## Source information
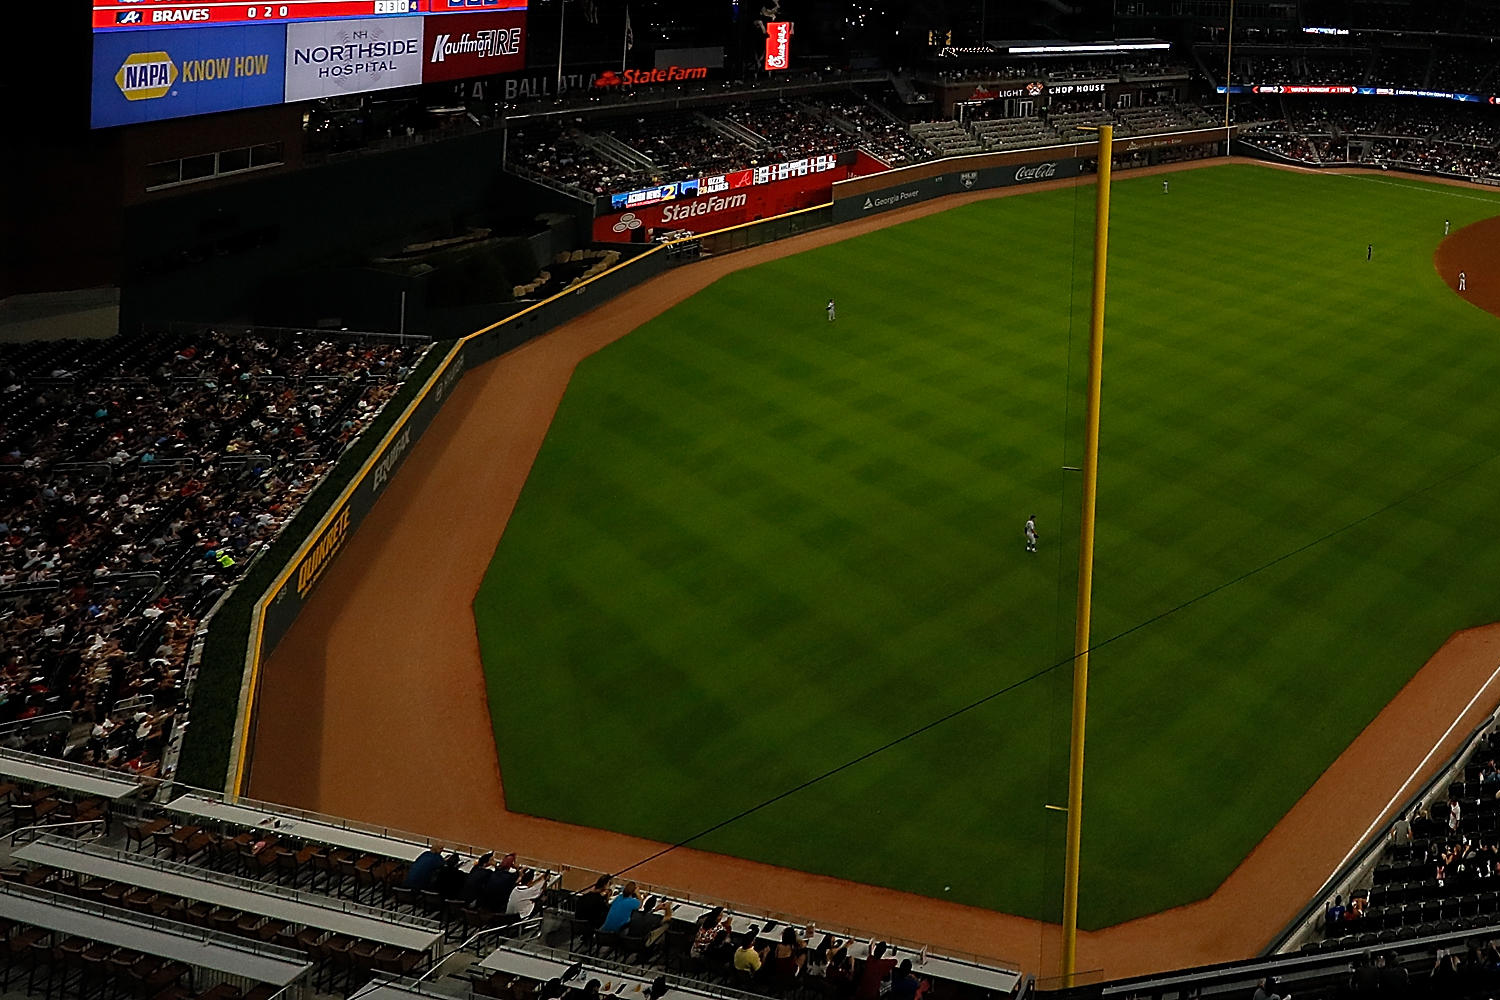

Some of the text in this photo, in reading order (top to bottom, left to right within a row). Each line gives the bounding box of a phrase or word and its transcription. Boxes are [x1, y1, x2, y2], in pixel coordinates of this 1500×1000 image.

[152, 9, 209, 22] BRAVES
[247, 7, 257, 18] 0
[263, 6, 272, 17] 2
[279, 6, 288, 16] 0
[378, 2, 384, 11] 2
[390, 2, 395, 11] 3
[401, 1, 406, 10] 0
[410, 1, 418, 10] 4
[294, 39, 418, 65] NORTHSIDE
[431, 28, 521, 63] Kauffman TIRE
[125, 55, 268, 88] NAPA KNOW HOW
[318, 60, 397, 79] HOSPITAL
[505, 77, 550, 100] BALL
[1000, 89, 1023, 97] LIGHT
[1049, 84, 1105, 94] CHOP HOUSE
[662, 186, 676, 201] 2
[874, 189, 920, 208] Georgia Power
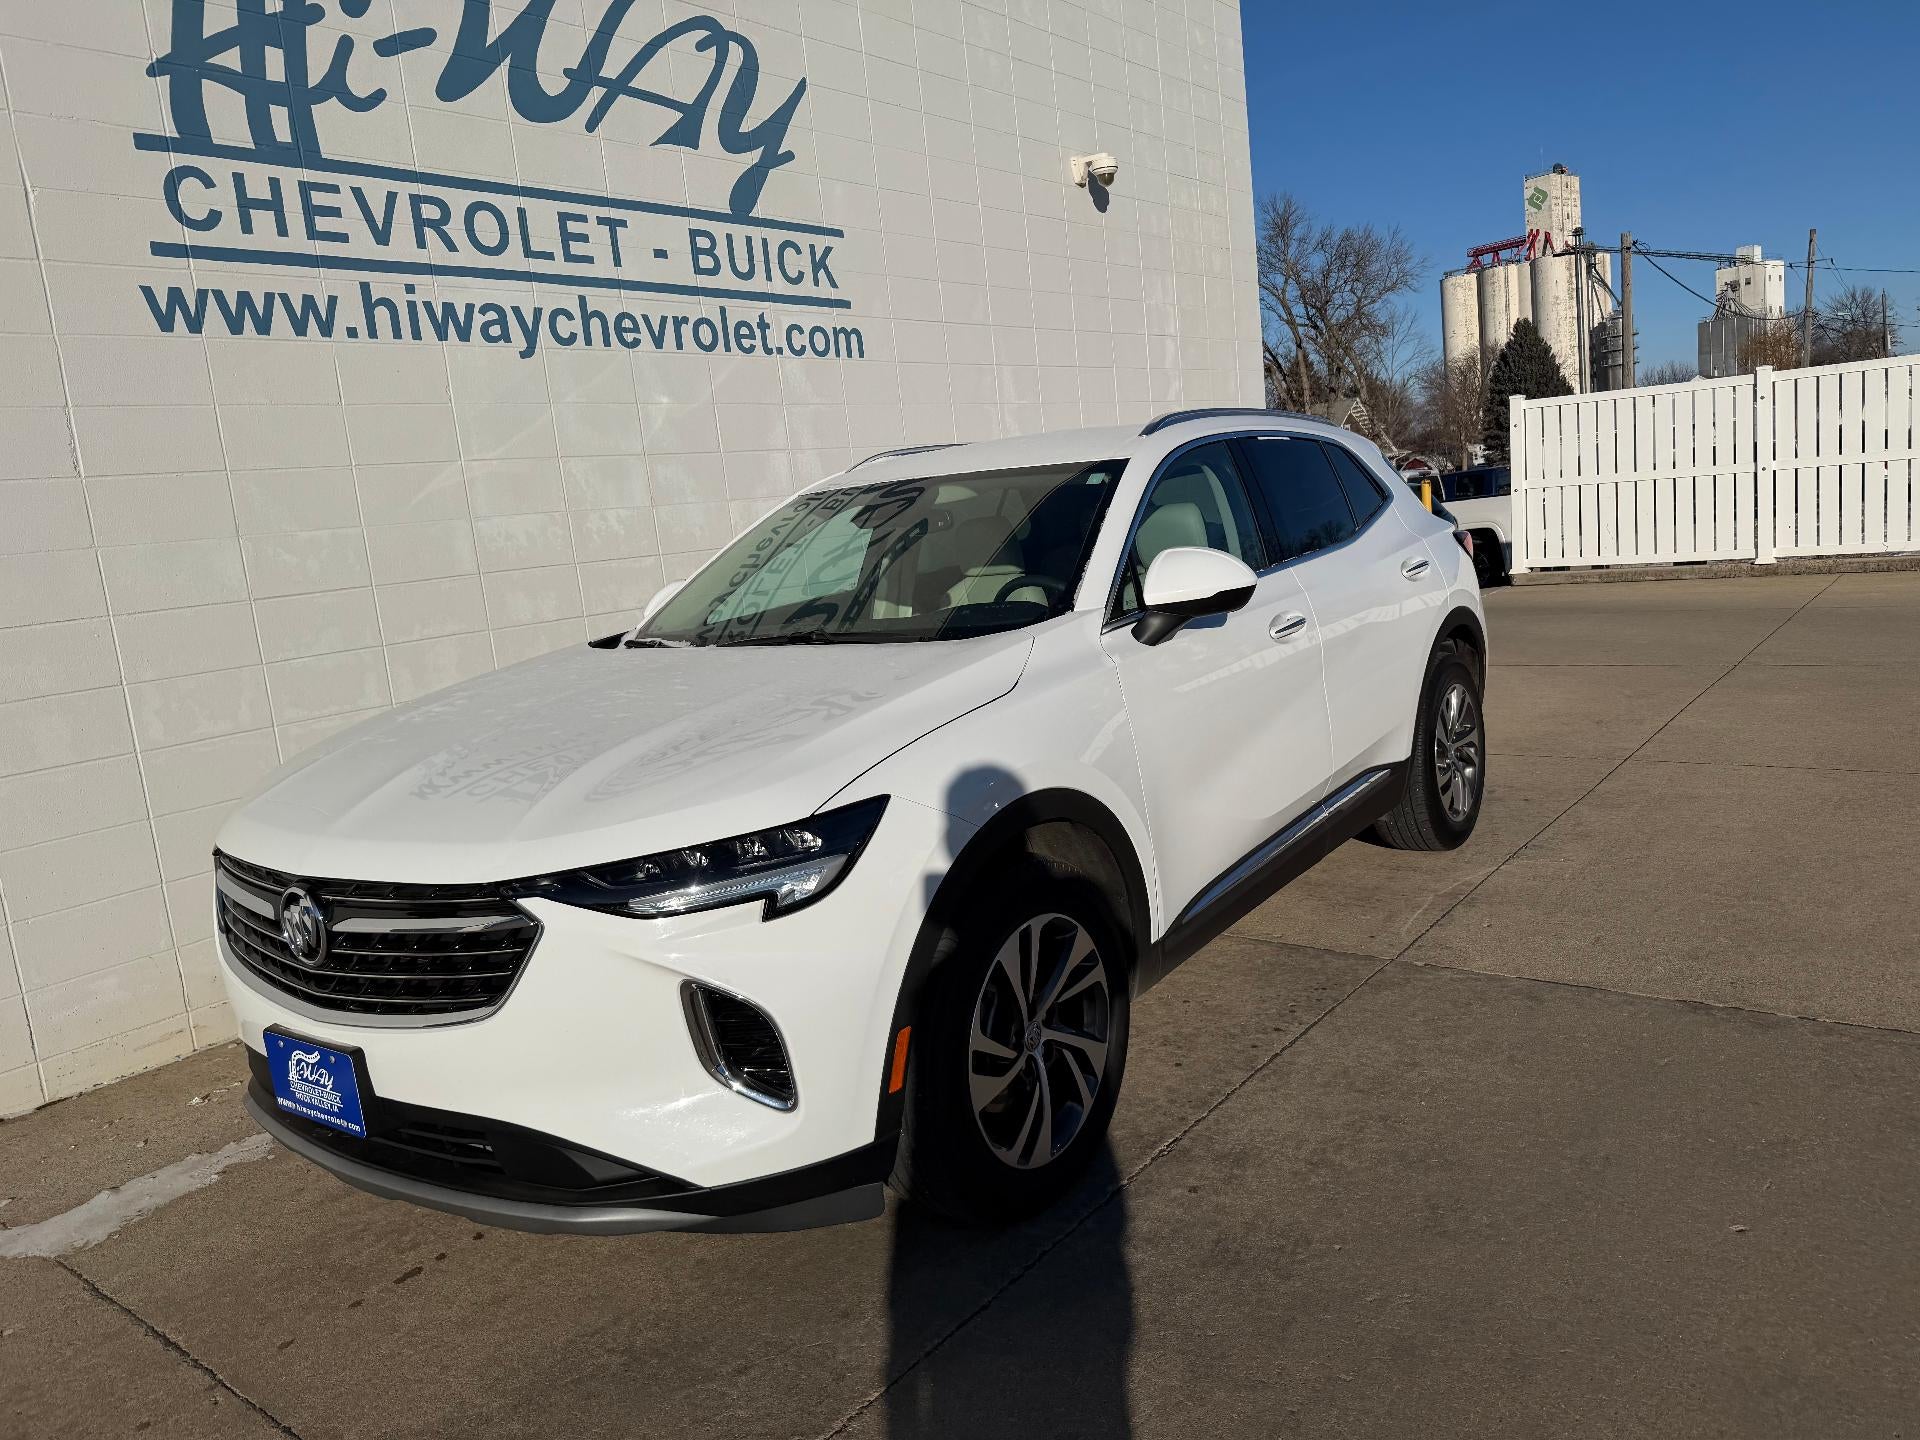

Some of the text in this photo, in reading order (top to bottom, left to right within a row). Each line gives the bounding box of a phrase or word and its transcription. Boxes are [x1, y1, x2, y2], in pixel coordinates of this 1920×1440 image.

## Exercise brief
Restate each line of the records exactly; pictures do not belong in the copy.

## Solution to this problem
Some of the text in this photo, in reading order (top to bottom, left to right within a row). Each line gives the bounding box of a phrase or word and its transcription. Boxes are [x1, y1, x2, y2], in pixel coordinates of this 1500×1000 image.

[152, 9, 209, 22] BRAVES
[247, 7, 257, 18] 0
[263, 6, 272, 17] 2
[279, 6, 288, 16] 0
[378, 2, 384, 11] 2
[390, 2, 395, 11] 3
[401, 1, 406, 10] 0
[410, 1, 418, 10] 4
[294, 39, 418, 65] NORTHSIDE
[431, 28, 521, 63] Kauffman TIRE
[125, 55, 268, 88] NAPA KNOW HOW
[318, 60, 397, 79] HOSPITAL
[505, 77, 550, 100] BALL
[1000, 89, 1023, 97] LIGHT
[1049, 84, 1105, 94] CHOP HOUSE
[662, 186, 676, 201] 2
[874, 189, 920, 208] Georgia Power

Some of the text in this photo, in reading order (top to bottom, left to right within a row). Each line gives the bounding box of a phrase or word and its transcription. Boxes are [x1, y1, x2, y2], in pixel coordinates of this 1920×1440 image.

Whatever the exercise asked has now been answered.